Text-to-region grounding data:
+++
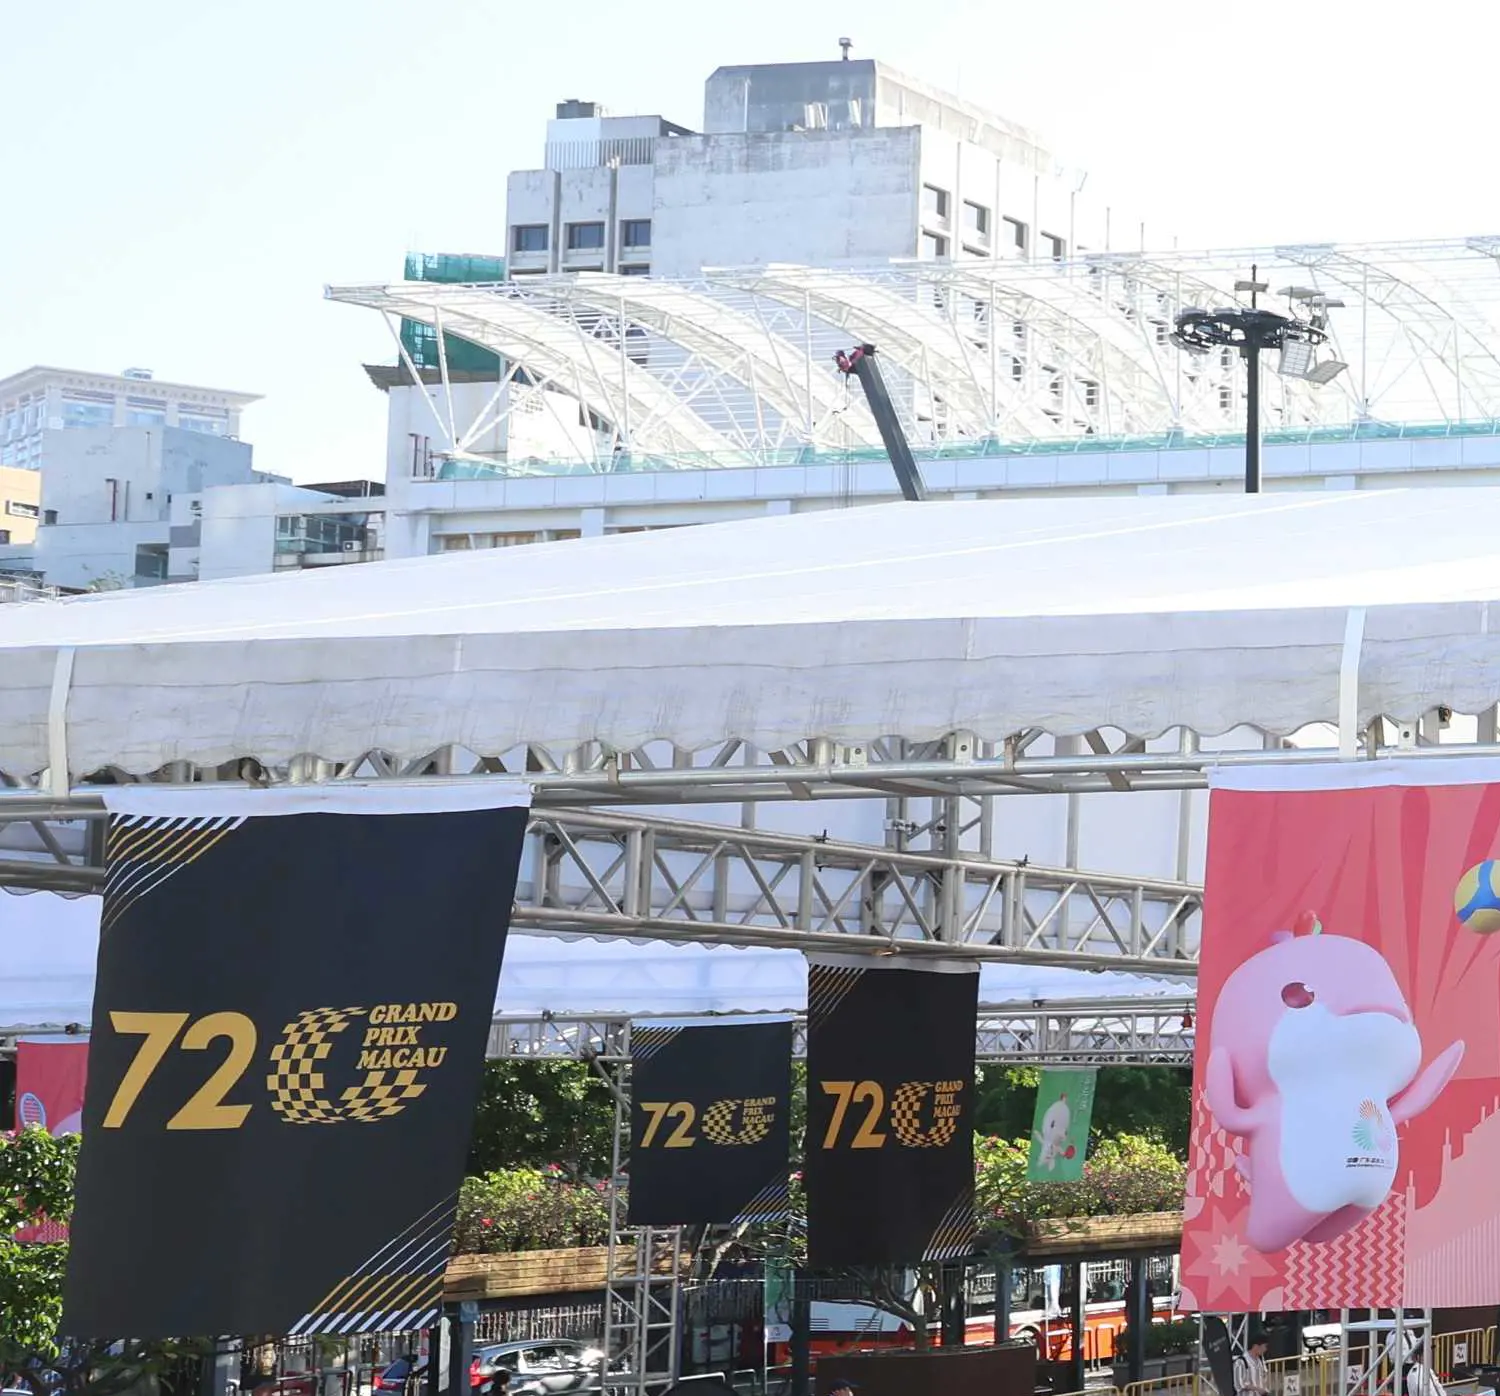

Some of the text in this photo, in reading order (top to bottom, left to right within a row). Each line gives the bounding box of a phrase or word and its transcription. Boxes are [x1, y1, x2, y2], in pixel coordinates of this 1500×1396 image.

[367, 1002, 457, 1024] GRAND
[363, 1026, 419, 1047] PRIX
[102, 1011, 257, 1129] 72
[356, 1047, 447, 1069] MACAU
[639, 1102, 696, 1148] 72
[821, 1081, 887, 1149] 72
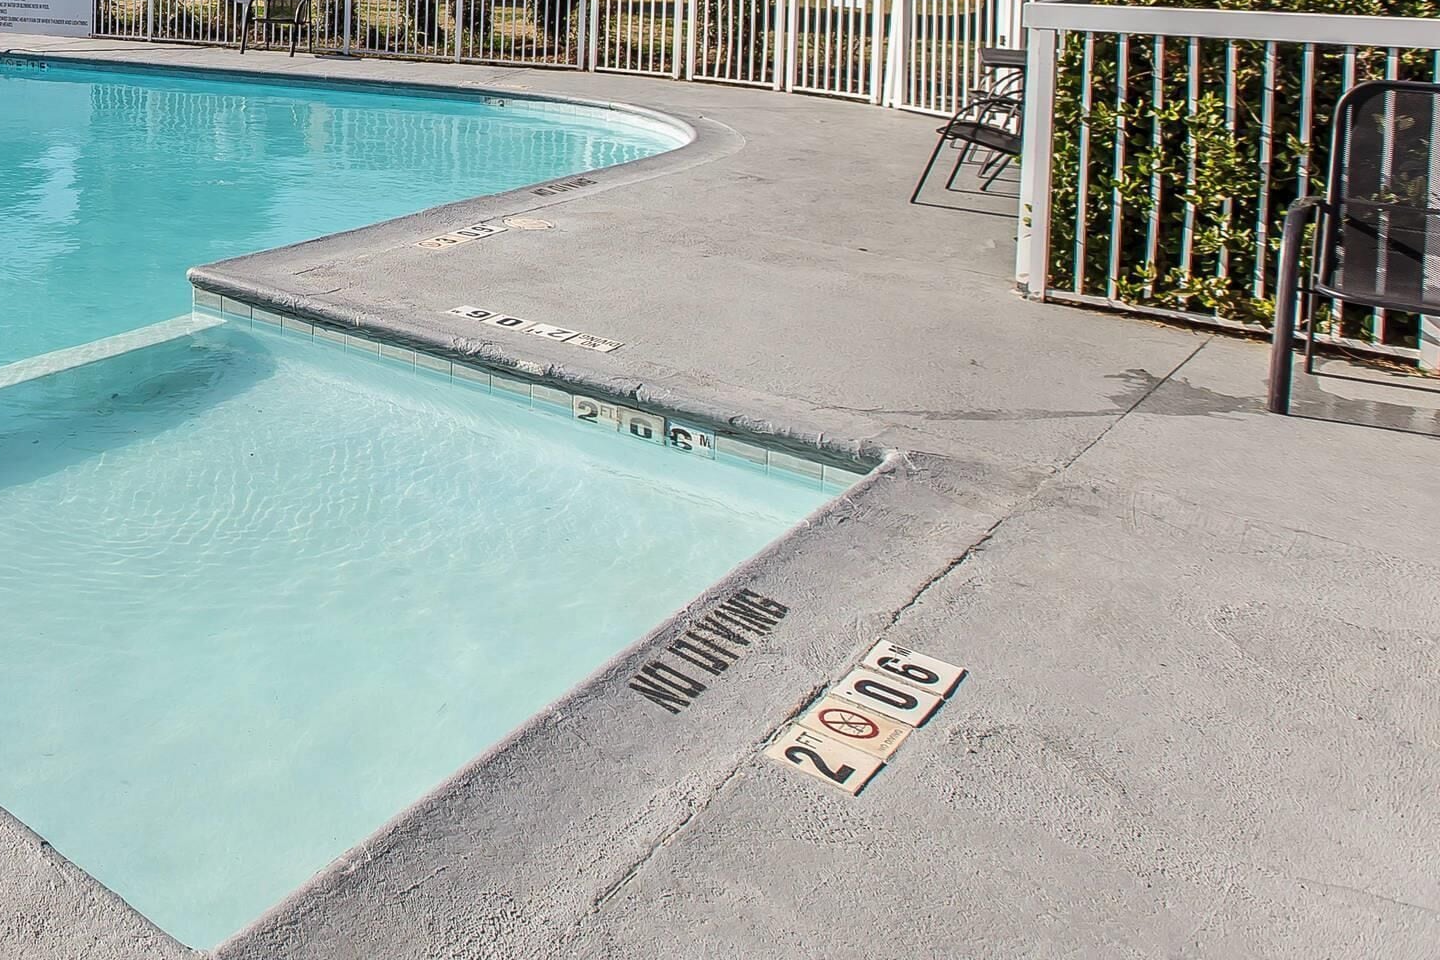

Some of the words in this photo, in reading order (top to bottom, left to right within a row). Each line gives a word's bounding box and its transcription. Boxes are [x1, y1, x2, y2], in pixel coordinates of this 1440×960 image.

[578, 400, 599, 424] 2
[668, 588, 791, 677] DIVING
[888, 644, 914, 658] M
[629, 660, 708, 715] NO
[796, 730, 824, 750] FT
[784, 745, 856, 785] 2
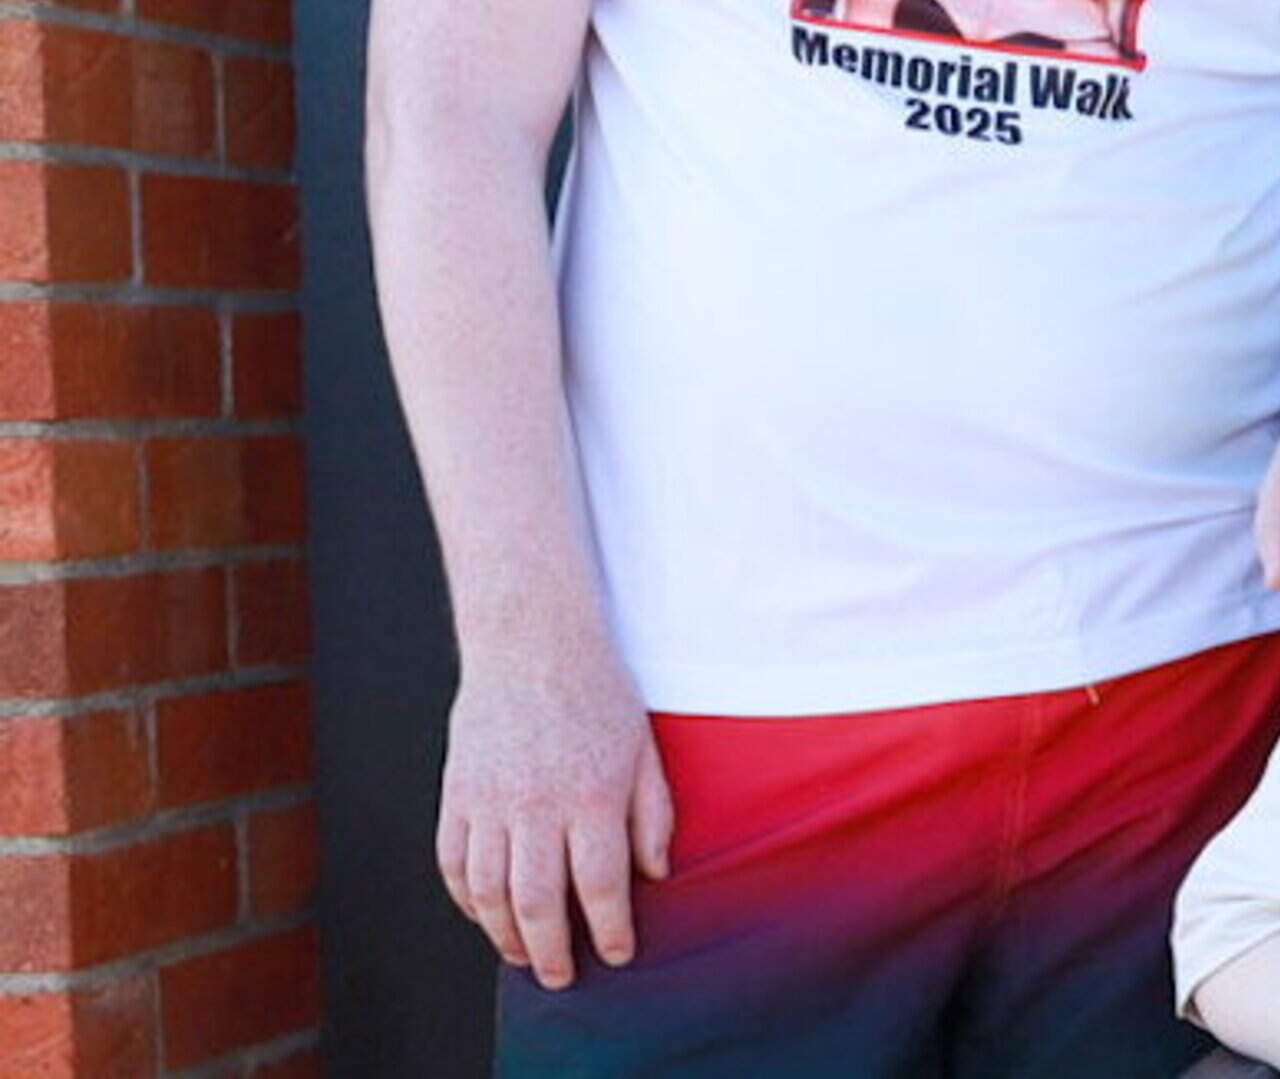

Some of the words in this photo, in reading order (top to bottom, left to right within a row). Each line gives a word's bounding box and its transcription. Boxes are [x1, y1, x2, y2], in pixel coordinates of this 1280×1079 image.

[790, 25, 1018, 107] Memorial
[1029, 64, 1134, 121] Walk
[904, 98, 1023, 146] 2025
+++
Please give an exact printout of all the records, pictures aside.

• _Problem solution_
Some of the text in this photo, in reading order (top to bottom, left to right within a row). Each line gives the bounding box of a phrase or word and its transcription. Boxes are [x1, y1, x2, y2], in pixel coordinates of this 1500×1396 image.

[367, 1002, 457, 1024] GRAND
[363, 1026, 419, 1047] PRIX
[102, 1011, 257, 1129] 72
[356, 1047, 447, 1069] MACAU
[639, 1102, 696, 1148] 72
[821, 1081, 887, 1149] 72

Some of the words in this photo, in reading order (top to bottom, left to right within a row). Each line gives a word's bounding box and its transcription. Boxes are [x1, y1, x2, y2], in pixel coordinates of this 1440×960 image.

[578, 400, 599, 424] 2
[668, 588, 791, 677] DIVING
[888, 644, 914, 658] M
[629, 660, 708, 715] NO
[796, 730, 824, 750] FT
[784, 745, 856, 785] 2

Some of the words in this photo, in reading order (top to bottom, left to right within a row). Each line gives a word's bounding box and its transcription. Boxes are [x1, y1, x2, y2], in pixel coordinates of this 1280×1079 image.

[790, 25, 1018, 107] Memorial
[1029, 64, 1134, 121] Walk
[904, 98, 1023, 146] 2025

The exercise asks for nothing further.